This is what I see, I see a HUGE opportunity for you to share, to teach, to mentor and to start a buissness in this field. I do see you doing readings, but more having or building a clientelle, not on some web-site doing psychic readings. You could do it for awhile, but it won't fulfill you. But I do see you speaking to people in groups, could be public speaking or more intimate groups and private settings. They are also showing me hands which seem t symbolize healing/energy healing. You have a diverse set of abilities and it won't be one or the other, but moreso a combination of services you will be providing. Did you do a healing on an older woman, elderly, grandmother type? I just saw a healing being done on an elderly lady. I'm not sure she healed because she appeared to be sick or close to death, but the peace that was given to her felt amazing. I also picked up Angels, so if you work with Angels, continue! You have alot to offer, I would suggest  you don't focus on one or the other, but to use what you have according to the need that come's along. The Angels are also saying to have faith, not just in them, but mostly in yourself. Your a child of the divine and you need to believe in that. This isn't something that comes and goes, it is always with you because this is who you are. Believe in yourself and have faith in who you are, in everything you do and know that heaven is watching over you. I also just picked up Reiki? 

Ok, now for the last bit, some advice about something I learned a long time ago about life purposes. Your reason for being on this planet is to evolve your soul. Fate controls life/death and whatever it needs to fulfill the bigger picture, but the rest, destiny, is for you to choose, and they will most likely support and assist you in whatever you choose, so long as it doesn't go against the "greater picture". But the most important lesson I learned is that it's NOT about finding our life purpose, but living our life with purpose and finding a purpose within it. We go through seasons in our lives and each brings lessons to evolve our souls, but it also yields opportunities for us to find purpose and meaning in everything we do. And by following those little nudges in our heart, we are fulfilling that purpose, I hope that makes sense.  I hope this reading helps you, any feedback would be appreciated. It's been awhile for me :) But moreso, I wish you many blessings on your path!

Angel
@angel
6 months ago
603 posts

p.s., passion is your guide and peace is your validation :)

bunnigirl
@bunnigirl
6 months ago
169 posts
wow @chesire-cat and @angel THAT IS AMAZING what you both said! very strange but as I was reading this I thought oh wow wonder what my purpose is and then I see it paralleled what your answer was to @calwidwester.
@calmidwester they are on target accurate.
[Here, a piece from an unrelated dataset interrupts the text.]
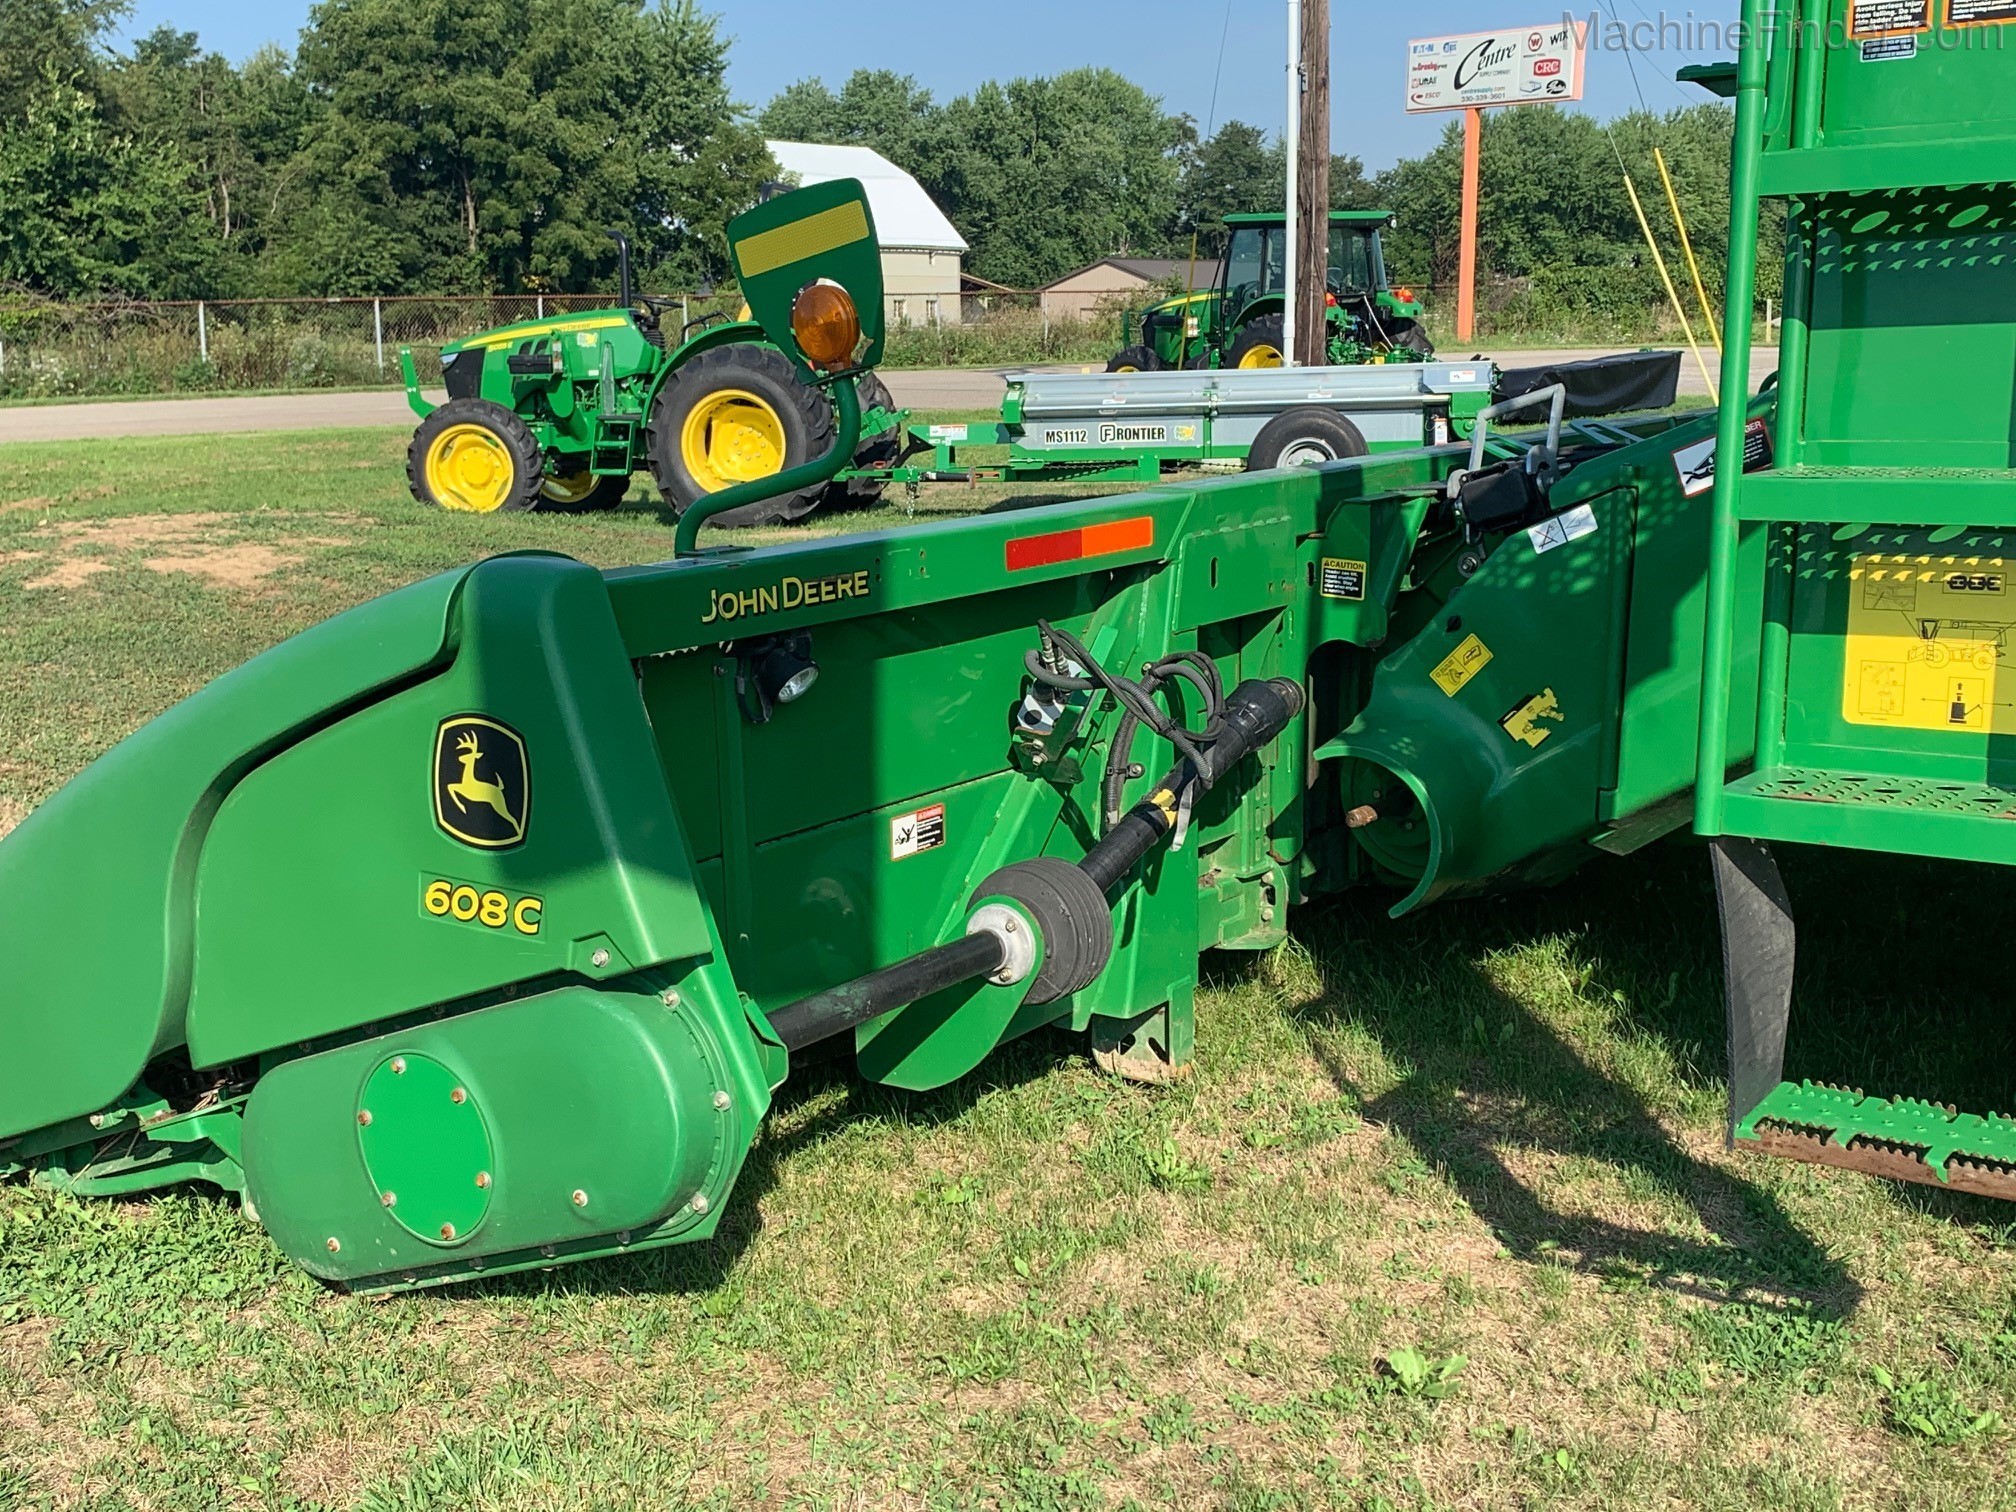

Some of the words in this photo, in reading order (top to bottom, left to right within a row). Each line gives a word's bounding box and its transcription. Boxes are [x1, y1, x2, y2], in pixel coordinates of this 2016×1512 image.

If what I am feeling is accurate and it does parallel to my purpose then you have had visions of what it is you are to do but wonder if the thinking is too grand and therefore you doubt yourself and think it is something not so grand you need to do.
There is a gift you have had since birth and that is your purpose. God gave us gifts and NOW is the time to shine them to the world. GO FOR IT and like i tell myself you will never know until you try if 'it' is what you are to do. I ask my angels and guides to keep lighting the path and a recent trip to Sedona AZ confirmed it all for me but changed the order of the process which was even more 'going out on a limb'...i am now listening and if you keep doubting just keep asking for signs. Angels just need to be asked even if its over and over but they give creative signs which you may doubt not solid billboard type responses which takes getting used to and the angels are all speaking to you now. Take all this in and if this resonates to yoyr soul which you will know then there is your answer. God bless you all as we are all helping each other on our true paths...
bunnigirl
@bunnigirl
6 months ago
169 posts
ps. to show you how angels answer you the other night I was really down and out and ask them please give a clear sign a clear sign that I'm going the right way in my life because I'm taking a huge chance of changing so many things... well they confirmed it through your question because mine was the same. truly MAGICAL!!
bunnigirl
@bunnigirl
6 months ago
169 posts
sorry @cistamonte, the response i gave was for you. I put in the wrong name!
Cistamonte
@cistamonte
6 months ago
2 posts
I'm so beside myself right now. To be honest, I didn't even think anyone would bother to read my post. My heart feels huge right now!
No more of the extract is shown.